Io e mio fratello Vittorio stavamo preparando Un uomo da bruciare, un film ispirato alla storia di Salvatore Carnevale, un sindacalista siciliano che fu ucciso dalla mafia.  Cercavamo il protagonista e vedemmo Gian Maria Volonté in teatro che faceva Sacco e Vanzetti. Ci piacque così tanto che decidemmo di fargli un provino. Peccato che non sia stato conservato. Quante cose del lavoro che io e Vittorio abbiamo fatto con attori, anche intere sequenze, sono state buttate via, invece di essere conservate. Non voglio pensarci. Dunque il provino di Gian Maria Volonté è stato uno dei meno riusciti della nostra carriera perché aveva i pregi del teatro che però al cinema diventano difetti, allora più di oggi. Esprimeva sempre troppo, con la voce, con il movimento, noi restammo delusi, ma quando lo rivedemmo in proiezione cambiammo idea, perché ci trovammo di fronte a un volto particolare, che ci colpiva.

Un attore nuovo

Era così nuovo e diverso da tutti quelli che avevamo incontrato che non ce ne fregava più niente se recitava teatralmente oppure no, eravamo commossi, era straordinario e divenne il nostro protagonista. Il problema della sua teatralità si ripropose poi durante la lavorazione del film. Sembrava che invece di camminare sulle zolle della campagna siciliana calpestasse le tavole del palcoscenico e quindi un po’ preoccupati andammo insieme a lui in proiezione e ne parlammo. Ripensandoci capimmo che il personaggio era estroso, vanitoso, coraggioso, perché era un capopopolo, uno che ha un’alta coscienza di se stesso. Salvatore era importante non malgrado i suoi difetti ma grazie ai suoi difetti e uno di questi era quello di dare spettacolo per convincere i suoi compagni di lotta.

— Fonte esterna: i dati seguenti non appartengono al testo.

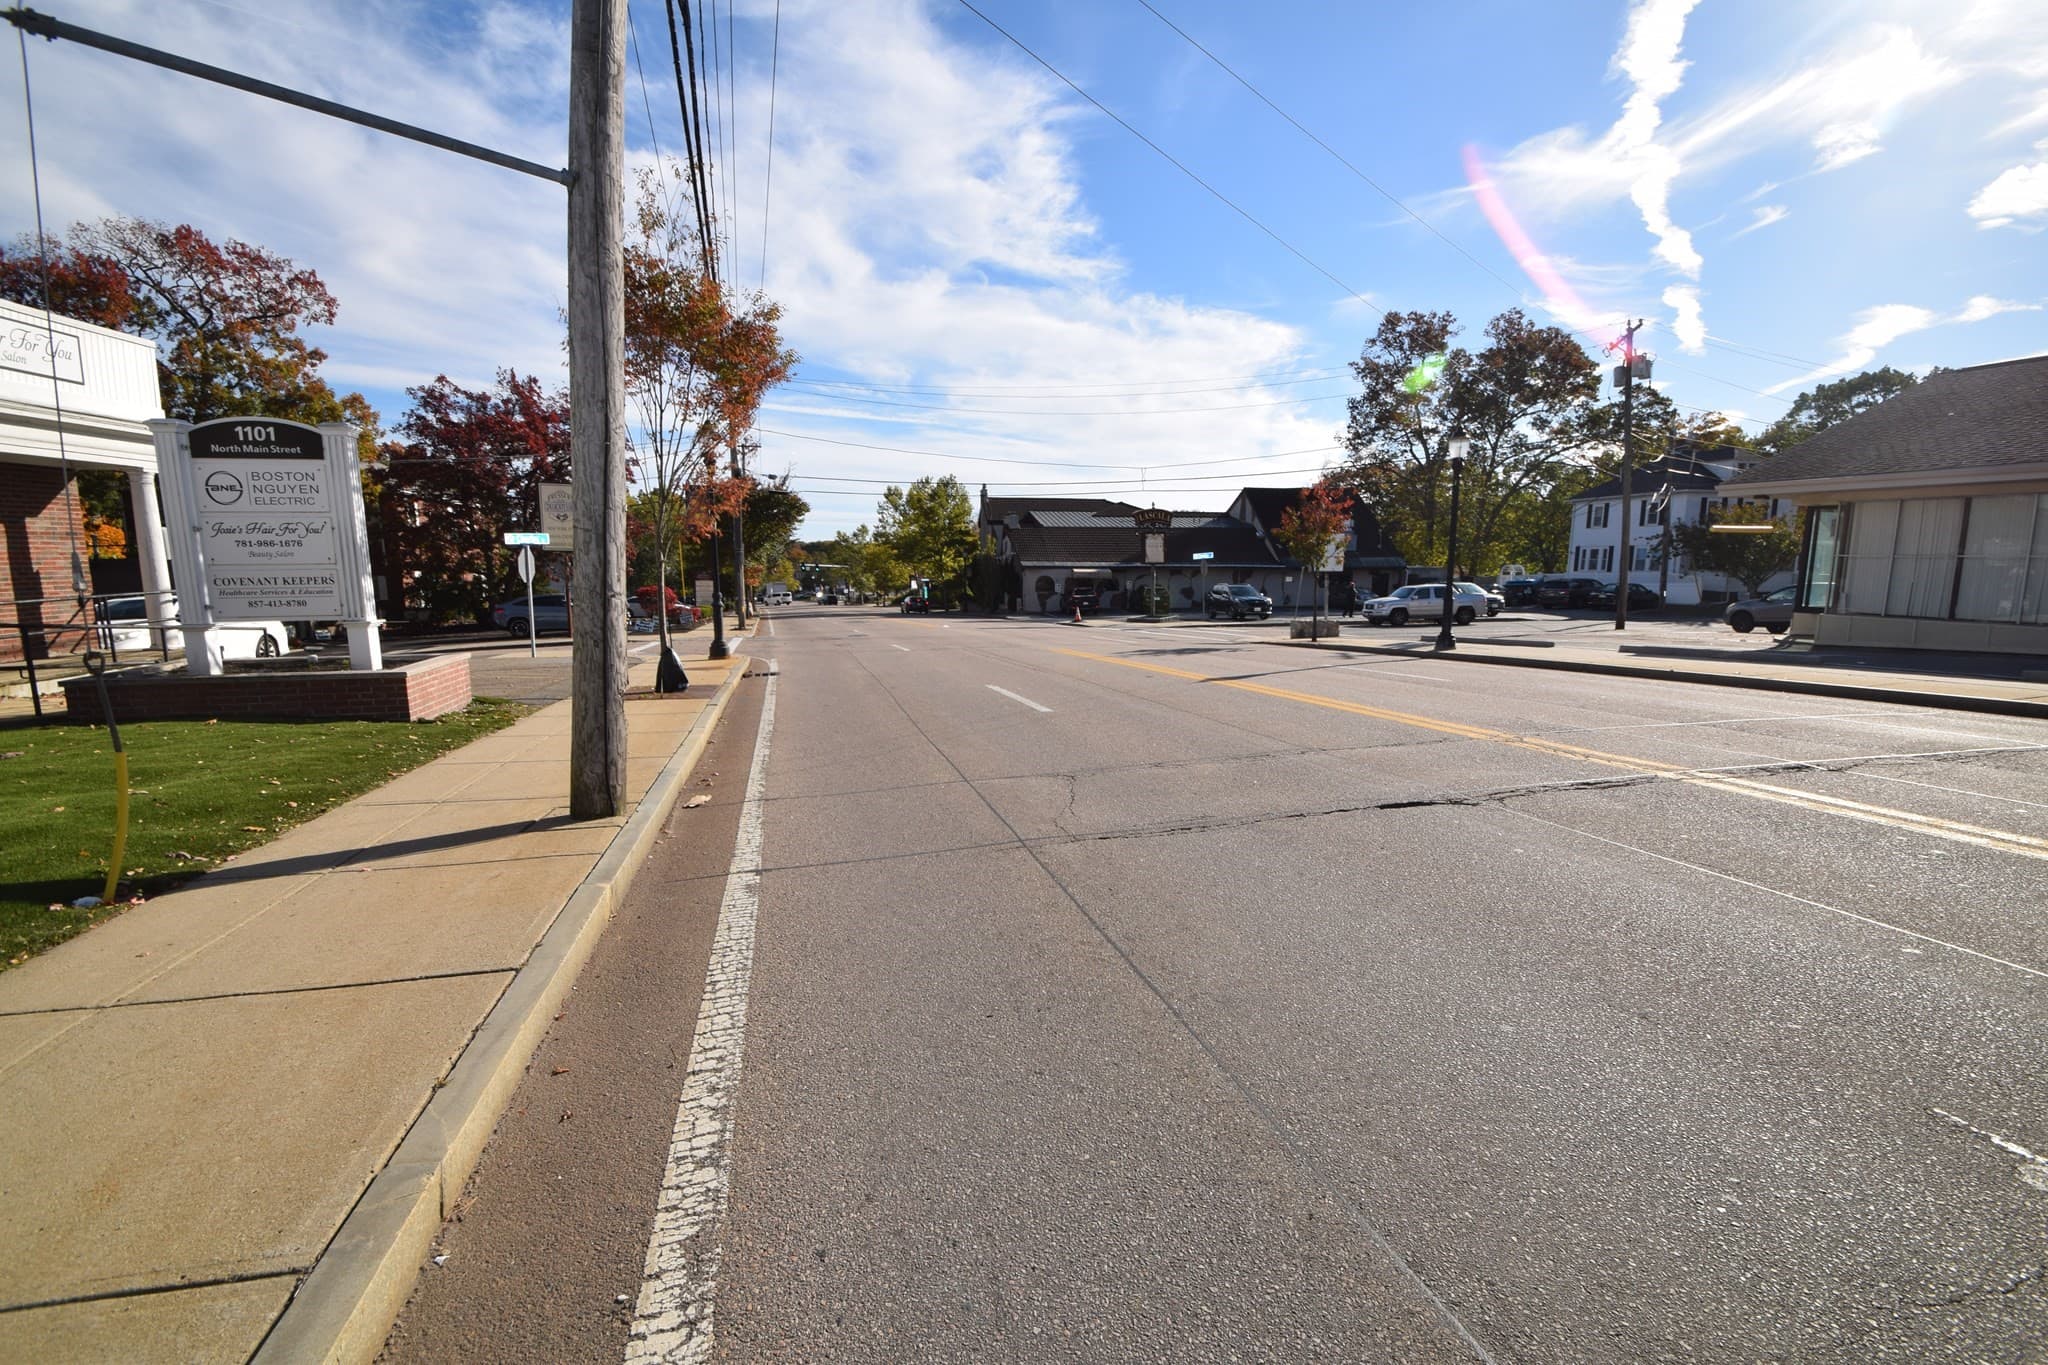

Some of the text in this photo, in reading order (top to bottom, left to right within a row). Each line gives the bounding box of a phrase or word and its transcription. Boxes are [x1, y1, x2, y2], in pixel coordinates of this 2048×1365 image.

[10, 328, 73, 363] For You
[1, 350, 27, 365] Salon
[234, 425, 276, 442] 1101
[210, 444, 302, 454] North Main Street
[251, 471, 316, 482] BOSTON
[252, 484, 320, 494] NGUYEN
[254, 497, 316, 506] ELECTRIC
[210, 520, 327, 539] Josie's Hair For You!
[234, 540, 303, 548] 781-986-1676
[247, 550, 296, 560] Beauty Salon
[213, 576, 336, 587] COVENANT KEEPERS
[218, 588, 258, 597] Healthcare
[259, 588, 288, 596] Services
[297, 587, 334, 595] Education
[247, 599, 308, 608] 857-413-8780

Una teatralità cinematografica

Noi ci dicemmo che forse questa teatralità poteva venirci incontro, aiutare, e Gian Maria se ne convinse, però già avvertendo la presenza della macchina da presa e quindi cambiando la sua teatralità in una teatralità cinematografica che è difficile da spiegare ma è appunto un’altra cosa. Lo si vede che fa un personaggio proprio sopra le righe, sapendo rientrare al momento giusto, perché aveva capito cosa fosse il cinema. Una cosa buffa è che alle prime proiezioni disse che non si era mai visto di schiena e aveva capito che si poteva recitare anche con il culo. Dunque facemmo questo film e lui mantenne questa recitazione un po’ esagerata.

Paolo Taviani: «Lo considerammo un tradimento» 

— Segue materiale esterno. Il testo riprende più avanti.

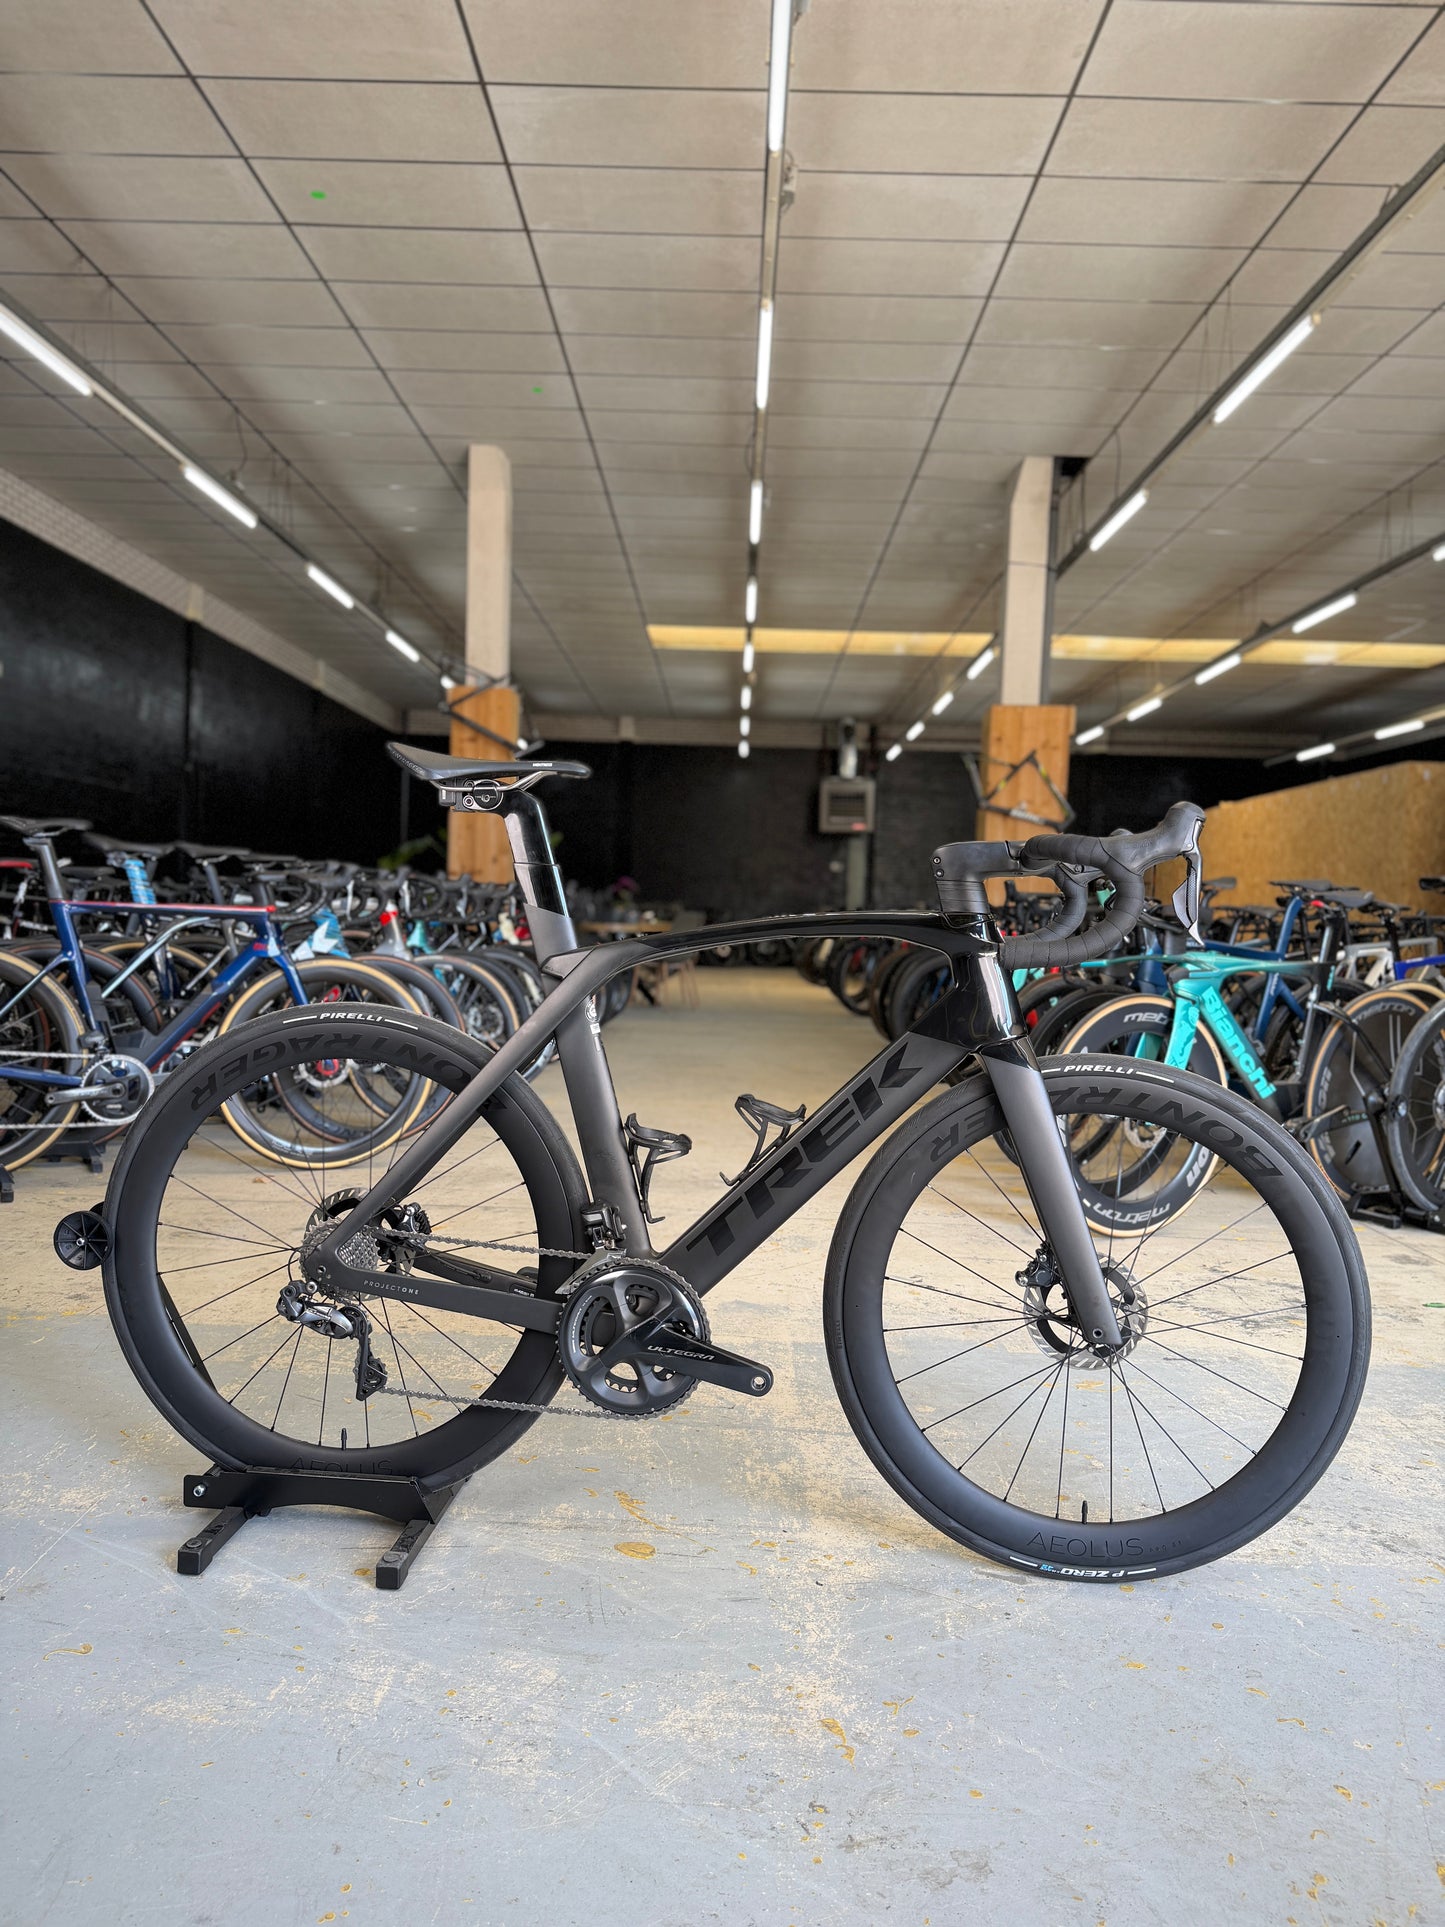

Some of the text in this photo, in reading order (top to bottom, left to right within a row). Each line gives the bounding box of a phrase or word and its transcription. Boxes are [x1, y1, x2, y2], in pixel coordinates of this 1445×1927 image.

[319, 1012, 383, 1022] PIRELLI
[1201, 986, 1277, 1100] Bianchi
[190, 1032, 474, 1112] ONTRAGER
[1063, 1064, 1134, 1075] PIRELLI
[930, 1085, 1285, 1178] BONTRAER
[685, 1041, 923, 1257] TREK
[1092, 1202, 1171, 1224] metron
[647, 1345, 716, 1361] ULTEGRA
[1026, 1531, 1144, 1558] AEOLUS
[1060, 1567, 1110, 1577] ZERO

Fu una lavorazione molto contrastata perché c’erano pochi soldi, la lavorazione fu sospesa dopo tre settimane, e poi ripresa a novembre. Nel mentre lui andò a recitare in un altro film senza comunicarcelo, nonostante gli avessimo detto di non farlo: “Stai fermo, che appena abbiamo i soldi si ricomincia”. Addirittura avevamo lasciato delle costruzioni in mezzo alle strade di Sciara, il paese dove si girava. Mentre andavamo in giro a cercare i finanziamenti, scoprimmo che lui era andato a girare A cavallo della tigre di Comencini. Lo considerammo un tradimento e non trovammo i soldi finché Giuliani G. De Negri, che poi diventò il produttore di tutto il nostro cinema, vide il materiale in una proiezione riservata e accettò di coprodurlo.

Paolo Taviani

 

Il carattere distruttivo

All’epoca Gian Maria Volonté era amabile, ma anche capriccioso. Stavamo girando una scena notturna, Salvatore è seduto davanti all’osteria, i compagni stanchi, distrutti dalla fatica del lavoro, stanno tornando. Quando questi arrivano, Gian Maria non pronuncia la sua battuta: “Stop, stop, scusatemi, scusatemi…”. Si ricomincia, arrivano un’altra volta e un’altra volta non dice la battuta: “Non mi riesce…”. Una terza volta e non dice niente. Vittorio, che era il più smilzo di noi, gli saltò addosso e ci fu un principio di colluttazione. Questo per dire del suo carattere distruttivo, non saprei come altro definirlo.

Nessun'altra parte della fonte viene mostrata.